Forget for a moment several parts of No Child Left Behind. Forget whether you think the federal government has the right to hold states accountable for how they educate students. Forget whether you think a series of tests is the best way to make sure the nation's children are learning what they need to know.
Take a deep breath and forget the way a law created by politicians aims to tell education officials how to do their jobs. And most of all forget whether you think the federal government has provided enough funding to carry out its mandate.
Now, consider possibly the most interesting part of the law: Will it survive?

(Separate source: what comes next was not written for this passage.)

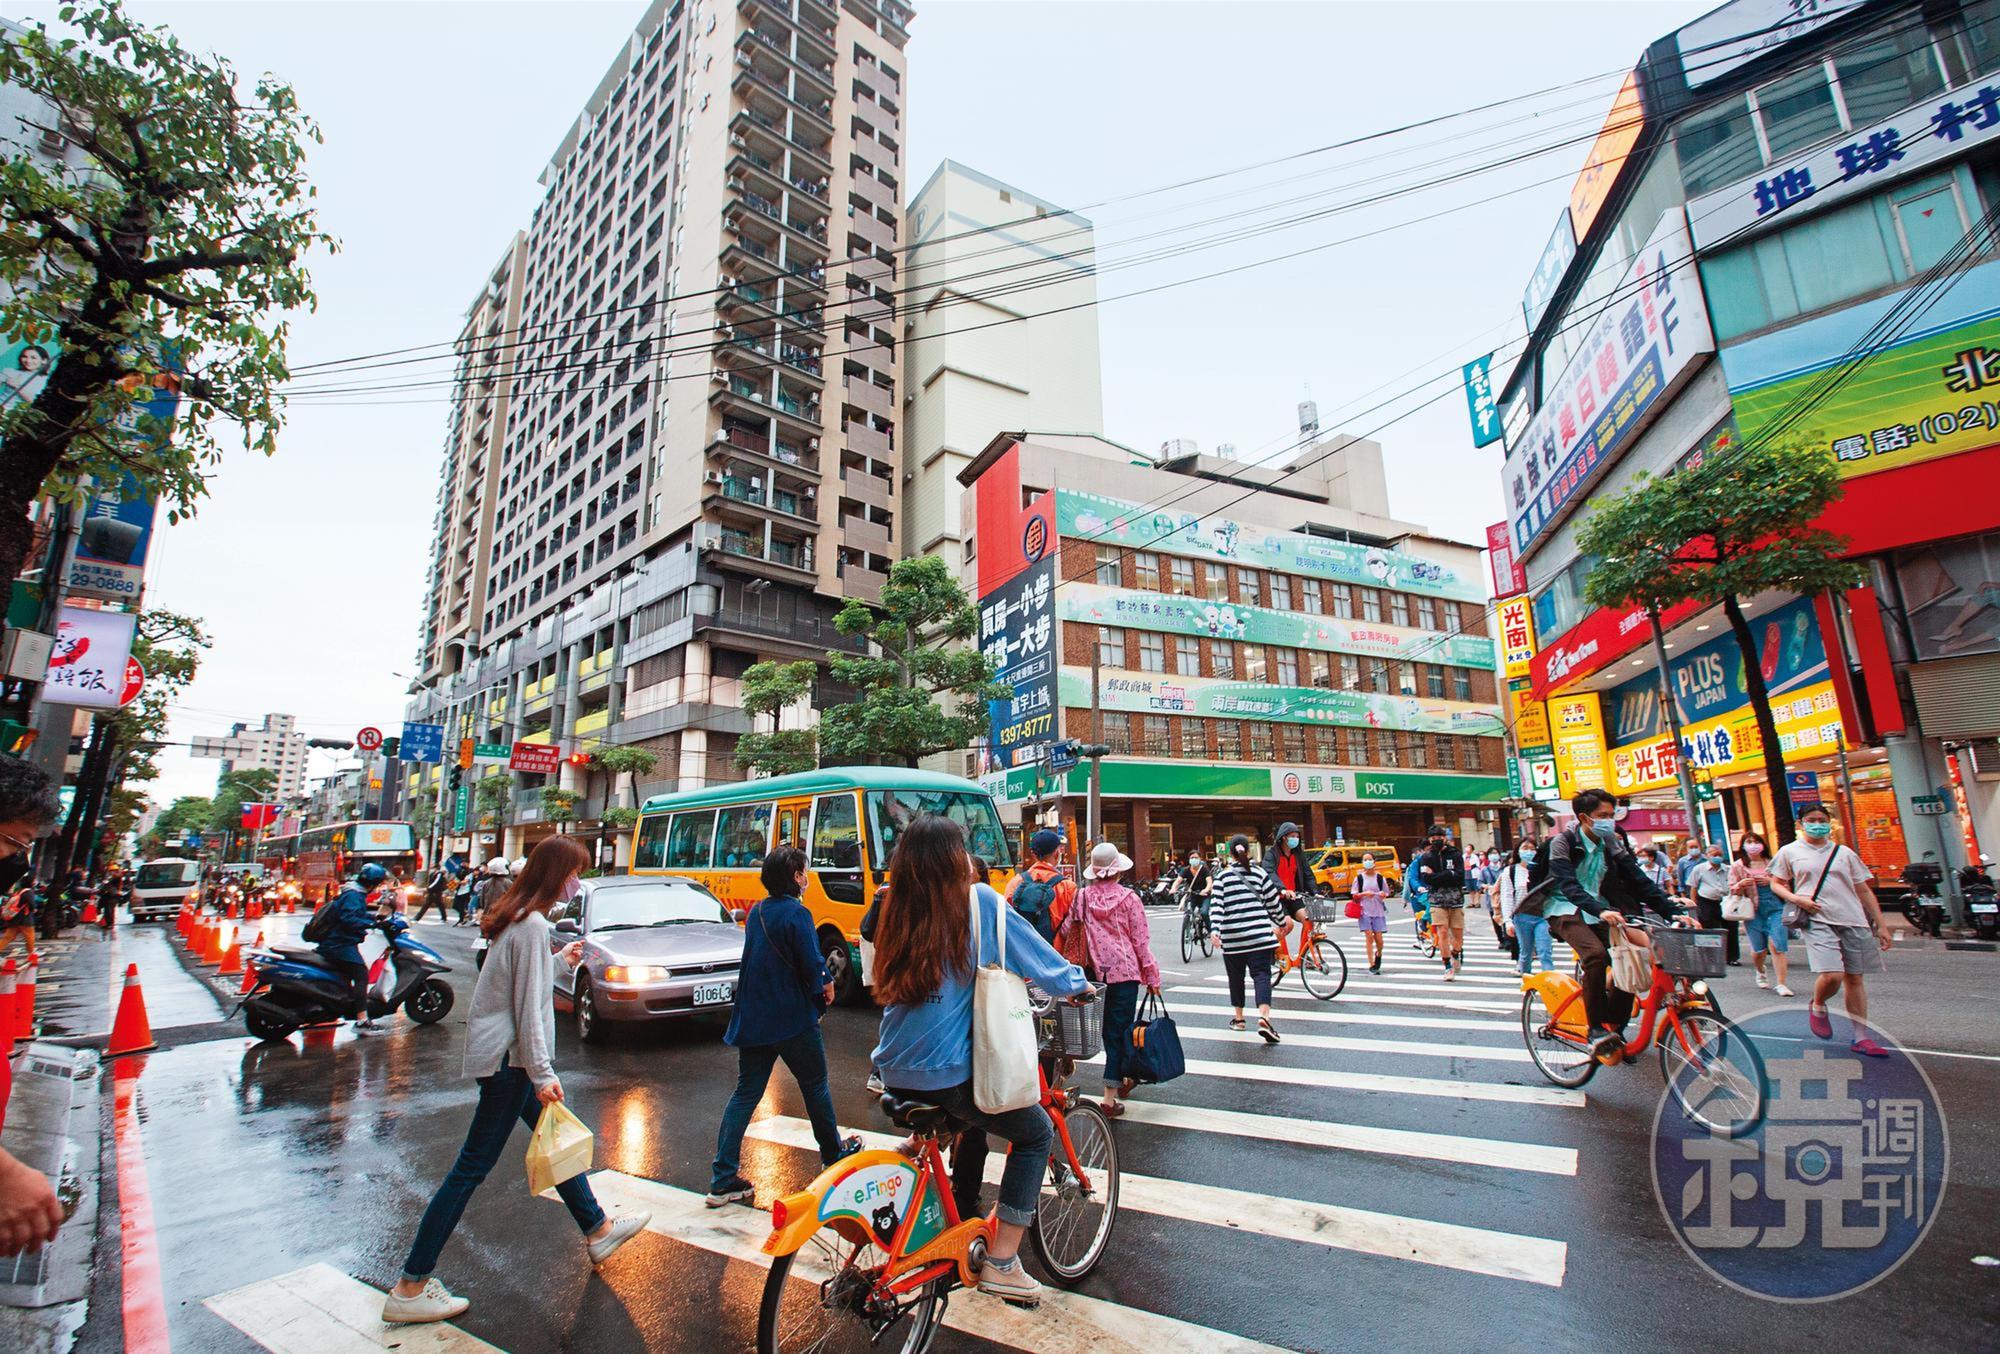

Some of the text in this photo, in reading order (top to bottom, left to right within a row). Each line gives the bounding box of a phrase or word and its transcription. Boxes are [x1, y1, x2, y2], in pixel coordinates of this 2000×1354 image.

NCLB started off with a non-partisan bang, one of President Bush's first major pieces of legislation when he took office in January 2001. As recently as a year ago, there seemed to be no doubt that while many railed about No Child, criticized the funding, and picked at the myriad regulations, the law was the law and would be for the foreseeable future, especially if the president won re-election.
Now, the only thing apparent about NCLB is that the drumbeat of criticism is increasing, seemingly every day. Rants are coming from frustrated superintendents, aspiring presidential candidates, school districts that are refusing federal funding to avoid the law, and entire state legislative bodies.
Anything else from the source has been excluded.